To date, a good number of scholars have forwarded abstracts of their current work and these include projects concerned with Murdoch's attack on Nihilism and her thinking on religion and moral imagination. Another strand of research represented in the catalogue as it currently stands pertains to the issue of gender in Murdoch's writing. Studies exploring the relationship between her philosophy and fiction also assert themselves, as does scholarship on her affinities with continental thinkers and writers, for example, her erstwhile lover, Elias Canetti.

However, there are undoubtedly many other such affinities under exploration and many more of very interesting lines of intellectual enquiry which would benefit from being networked to the wider research community. If you are interested in letting us know what your area of interest is, (by adding your details to the catalogue) please forward a short abstract of your research project with your name, institutional affiliation and an email address to Elaine Morley.

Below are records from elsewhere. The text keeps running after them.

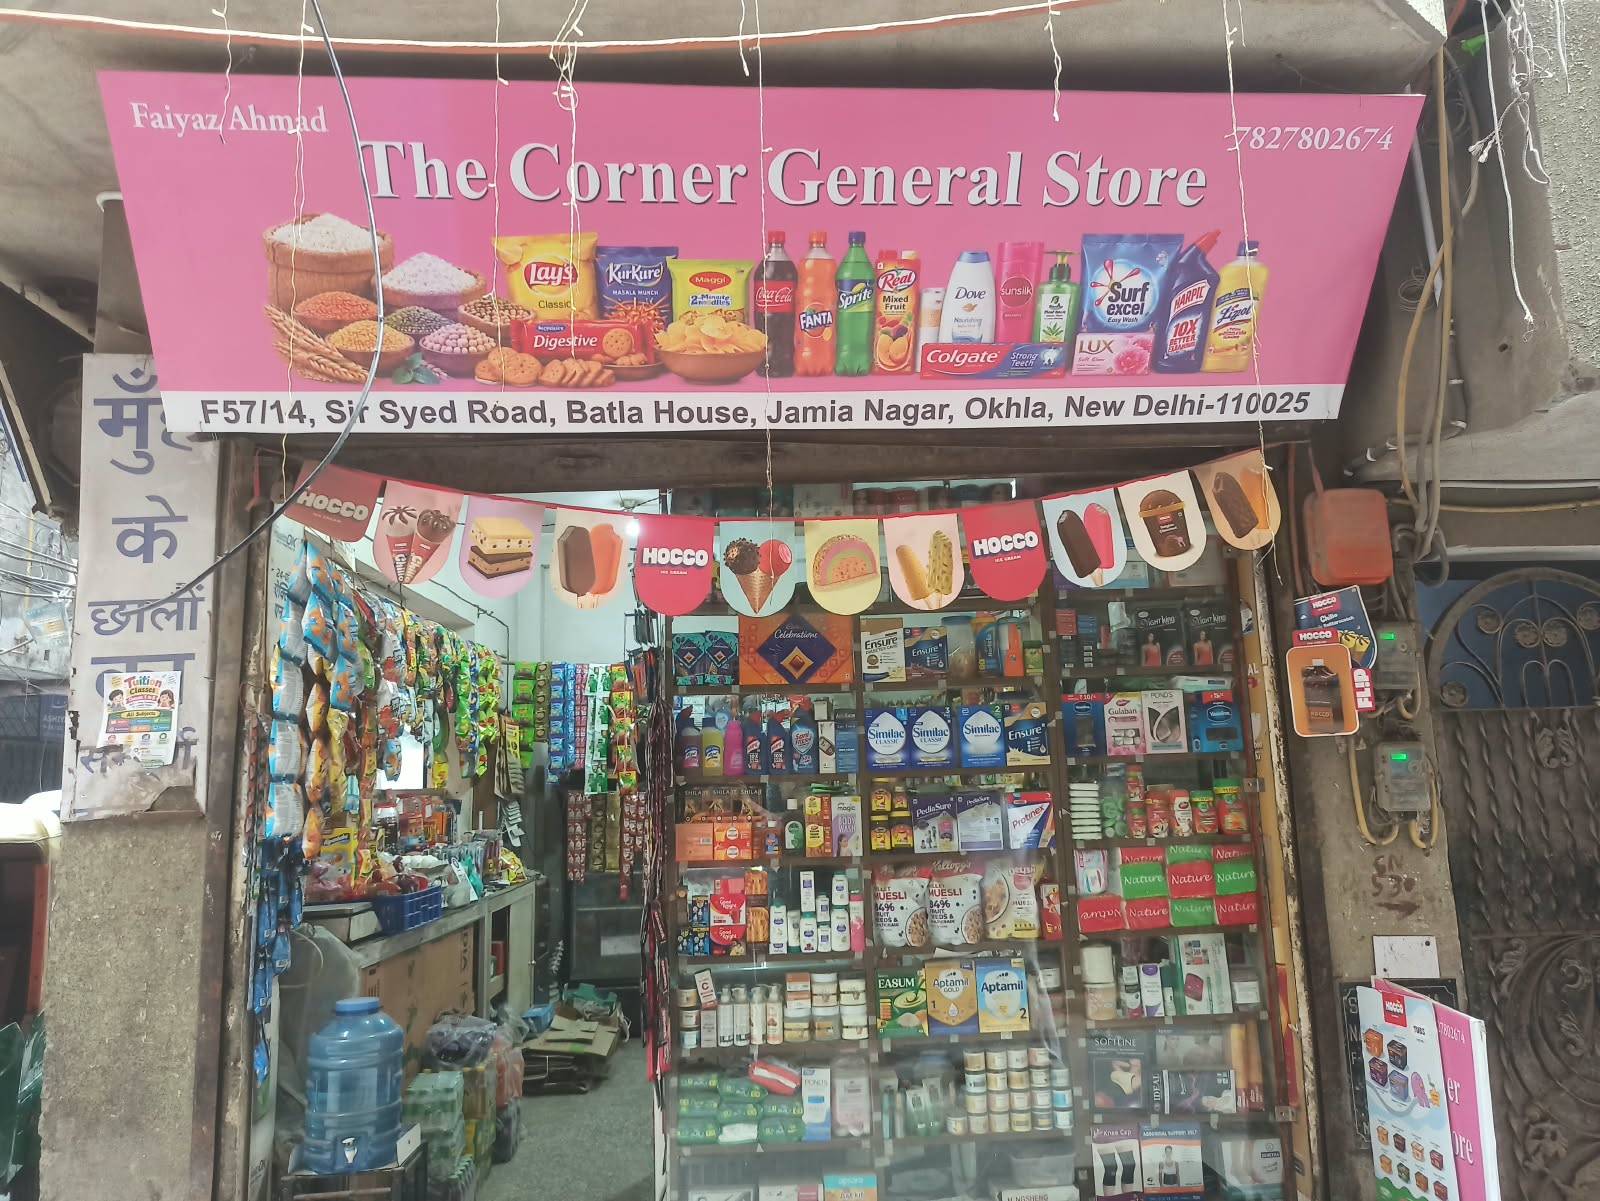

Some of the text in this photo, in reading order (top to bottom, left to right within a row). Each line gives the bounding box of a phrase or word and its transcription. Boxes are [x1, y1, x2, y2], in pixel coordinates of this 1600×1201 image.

[130, 103, 328, 138] Faiyaz Ahmad
[1234, 125, 1394, 152] 7827802674
[359, 141, 1207, 208] The Corner General Store
[528, 262, 575, 286] Lay's
[881, 269, 914, 290] Real
[955, 287, 987, 300] Dove
[1001, 286, 1033, 297] sunsilk
[1108, 281, 1150, 303] Surf
[1173, 283, 1205, 310] HARPIC
[538, 299, 572, 309] Classic
[839, 288, 874, 310] Sprite
[882, 294, 909, 304] Mixed
[885, 303, 906, 312] Fruit
[1106, 303, 1146, 317] excel
[799, 311, 833, 331] FANTA
[1173, 319, 1199, 337] 10X
[533, 334, 598, 350] Digestive
[1079, 340, 1115, 354] LUX
[926, 349, 997, 368] Colgate
[1010, 351, 1039, 362] Strong
[201, 390, 1311, 433] F57/14, Sir Syed Road, Batla House, Jamia Nagar, Okhla, New Delhi-110025
[297, 489, 369, 522] HOCCO
[111, 495, 189, 565] के
[972, 529, 1040, 557] HOCCO
[642, 547, 709, 567] HOCCO
[1006, 554, 1022, 562] CREAM
[1312, 596, 1337, 609] HOCCO
[1299, 630, 1333, 641] HOCCO
[864, 636, 898, 651] Ensure
[911, 645, 939, 657] Ensure
[124, 676, 162, 688] Tuition
[130, 687, 156, 695] Classes
[868, 727, 905, 740] Similac
[912, 727, 950, 740] Similac
[964, 723, 1001, 735] Similac
[1008, 726, 1043, 741] Ensure
[916, 802, 953, 818] PediaSure
[1012, 806, 1045, 829] Protinex
[1124, 873, 1164, 885] Nature
[1171, 873, 1213, 885] Nature
[1216, 869, 1256, 881] Nature
[928, 888, 962, 897] MUESLI
[1129, 906, 1169, 916] Nature
[1174, 904, 1213, 913] Nature
[877, 976, 915, 989] EASUM
[932, 977, 969, 988] Aptamil
[981, 980, 1024, 994] Aptamil
[1019, 1008, 1027, 1020] 2

The Centre for Iris Murdoch Studies has acquired the library from Iris Murdoch's London home

Kingston University and the Iris Murdoch Society have bought the contents of Iris Murdoch's library from her London flat at Cornwall Gardens in Kensington. Murdoch kept a base in London until she died in 1999, and although this library is much smaller than her Oxford library which was acquired by Kingston University in 2004, it has several annotated texts that complement the existing one hundred annotated texts in the Oxford library. The annotations in the London library are written in books on education and politics, and will be invaluable to future researchers on Murdoch's work.

The London library also contains some items of intense personal significance to Murdoch. These include the leather-bound inscribed copy of The Sea, The Sea presented to her on winning the Booker Prize in 1978; the inscribed first editions of her novels that she had given to her mother; inscribed books from lovers, teachers and friends; her Book of Common Prayer, and the bible inscribed "with love from Grannie" given to Murdoch when she was ten years old (and with many underlinings in ink).

Now that Kingston University holds Murdoch's Oxford Library, her London Library, Peter Conradi's working archive amassed during the writing of Murdoch's official biography, and many important letter-runs, manuscripts, and other documents, the Centre for Iris Murdoch Studies has become an unparalleled, world-class source of information for researchers on the life and work of Iris Murdoch.